Abstract Background Recessive dystrophic epidermolysis bullosa (RDEB) is an inherited skin disorder that leads to severe wounding and blistering of the skin. Patients with RDEB develop aggressive cutaneous squamous cell carcinoma (cSCC) with a mortality rate of approximately 90% by age 55 years. The current primary treatment is wide excision of tumours, often leading to amputations. Identifying new therapeutic avenues for RDEB cSCC remains a priority. Here, we approach this in two ways. Firstly, we identified a SMAD4-dependent sphingosine pathway response to endogenous transforming growth factor (TGF)-β, essential for RDEB cSCC proliferation which could be targeted as a potential therapeutic strategy. Secondly, we utilized a US Food and Drug Administration (FDA) screen of > 3000 drugs to identify potential druggable pathways that could be used to treat RDEB cSCC. Methods RDEB cSCC cell lines were used to test Siponimod, a sphingosine-1 receptor modulator, on proliferation, clonogenicity and invasion in vitro. Siponimod was used in vivo to test tumour growth effect of targeting the sphingosine pathway.
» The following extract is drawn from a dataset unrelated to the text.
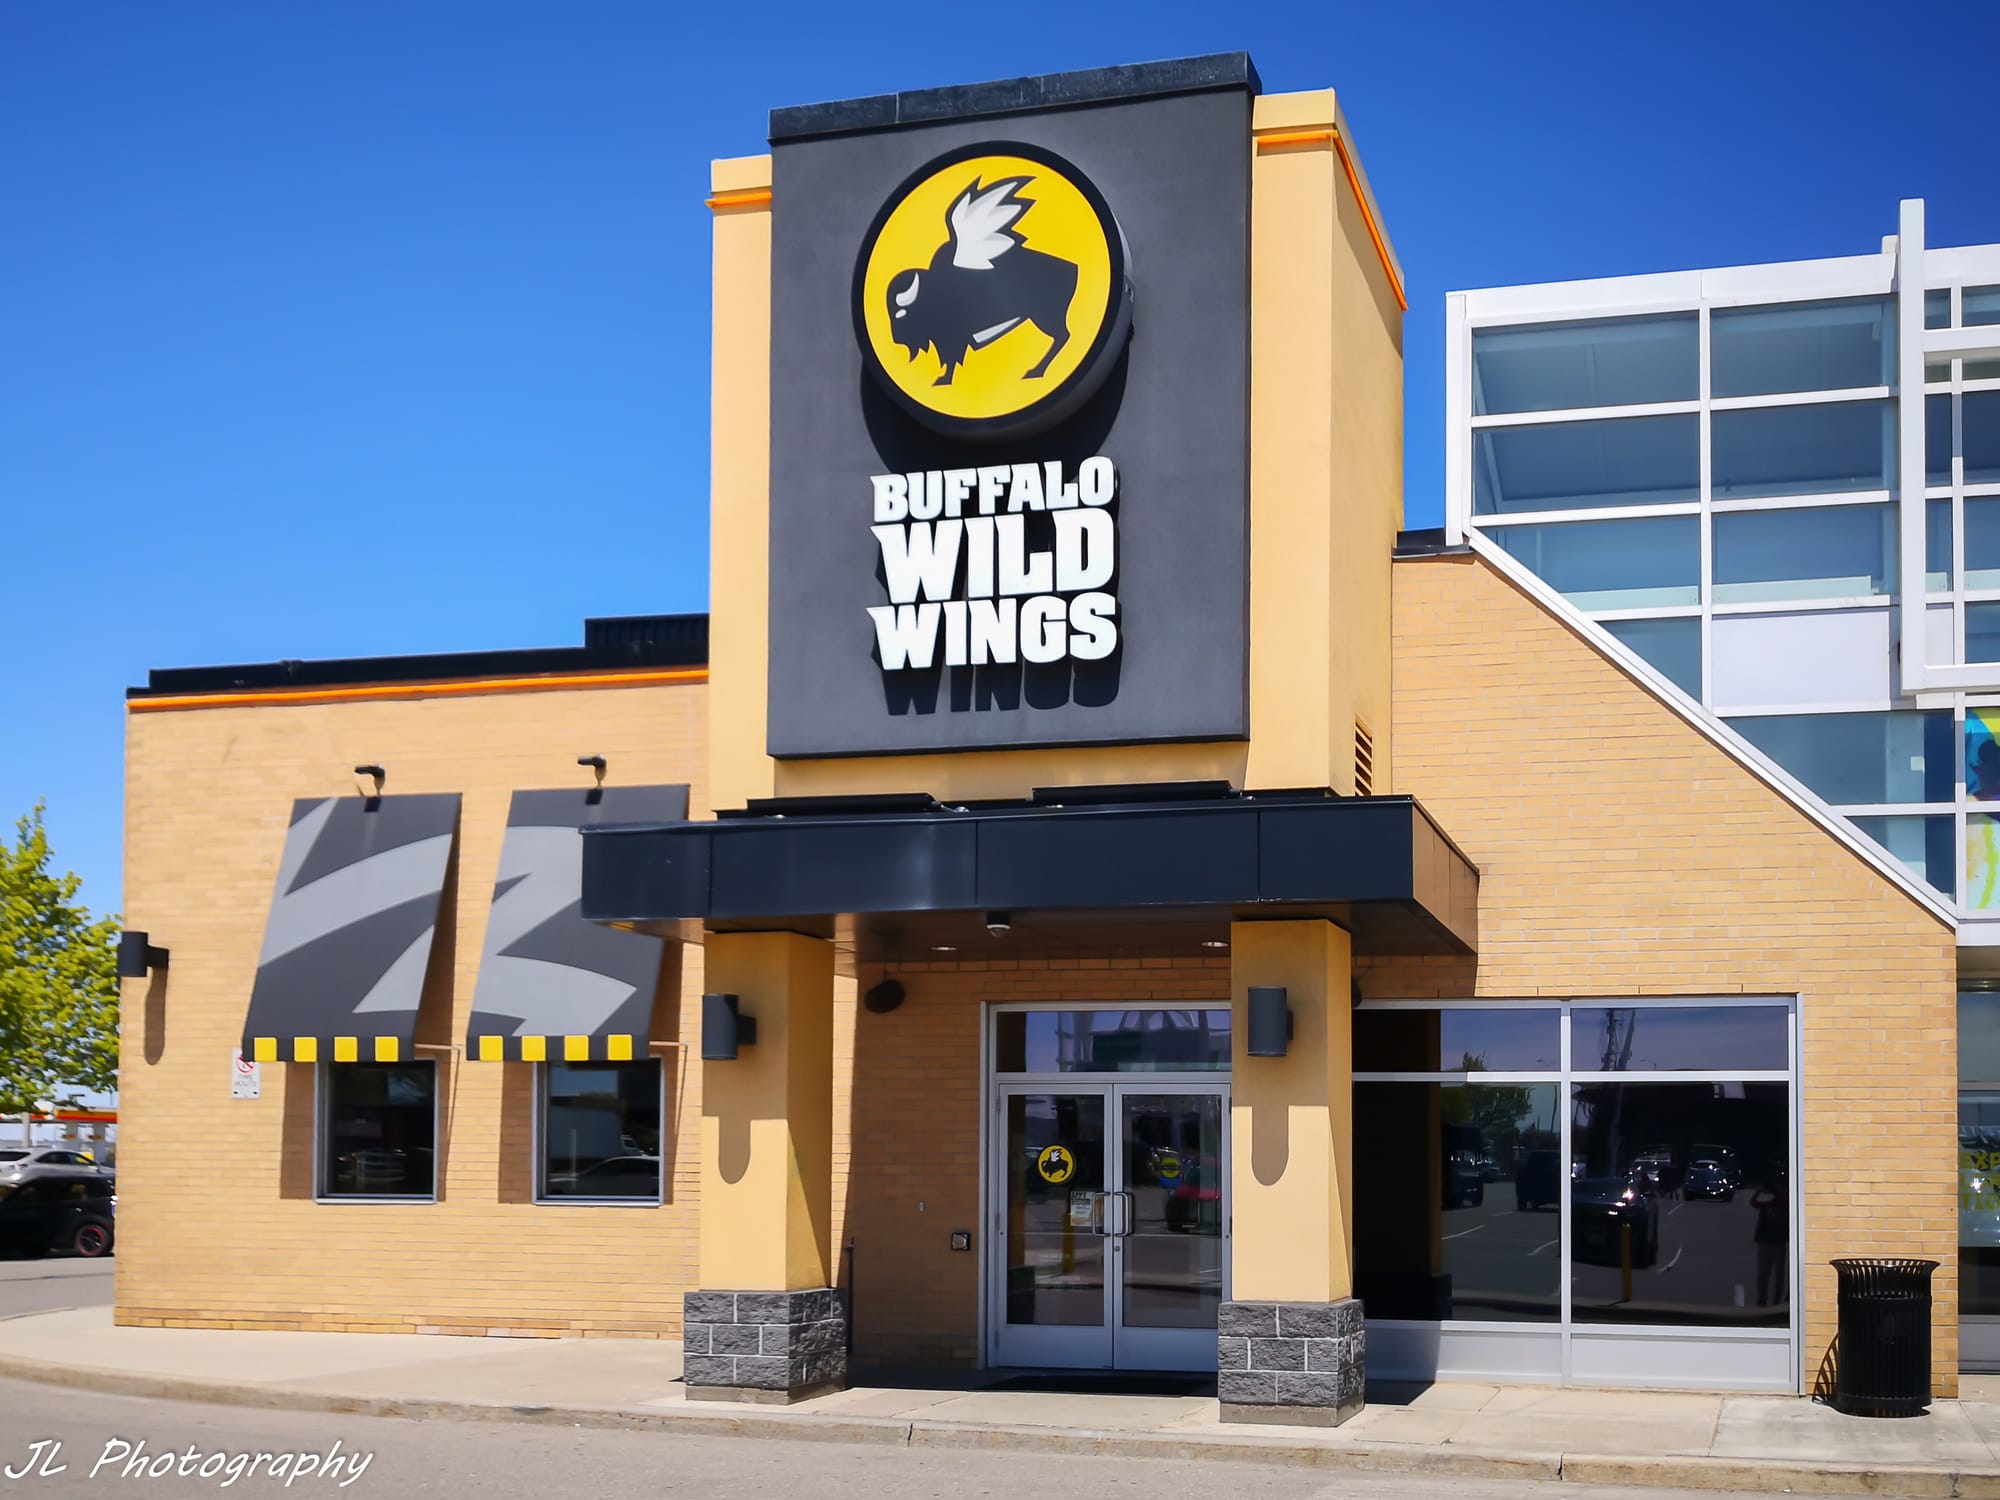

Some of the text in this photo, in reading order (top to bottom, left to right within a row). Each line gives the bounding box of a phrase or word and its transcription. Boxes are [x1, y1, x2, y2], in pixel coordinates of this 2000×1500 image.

[870, 456, 1116, 523] BUFFALO
[870, 507, 1116, 604] WILD
[865, 592, 1118, 671] WINGS
We carried out an FDA-approved drug screen on four RDEB cSCC cell lines using the Opera Phenix high-throughput microscope to identify targets. Results Treatment of RDEB cSCC cell lines with Siponimod showed compromised proliferation compared with untreated cells in addition to significant reduction in colony formation. There was a significant decrease in the invasive capability of RDEB SCC cells. Treatment of normal human keratinocytes showed no effect on proliferation. Our FDA-approved screen identified multiple drugs that target MEK, mechanistic target of rapamycin complex, histone deacetylase, signal transducer and activator of transcription, and topoisomerase I/II in the top 50 hits. The most common target was DNA damage/repair pathways, but cytoskeletal signalling, transmembrane transporters and proteases were identified as other potential avenues for treatment of RDEB cSCC. Conclusions There is an unmet need for therapeutic options in RDEB cSCC. Here, we have demonstrated the potential of repurposing previously licensed drugs to identify treatment avenues for RDEB cSCC.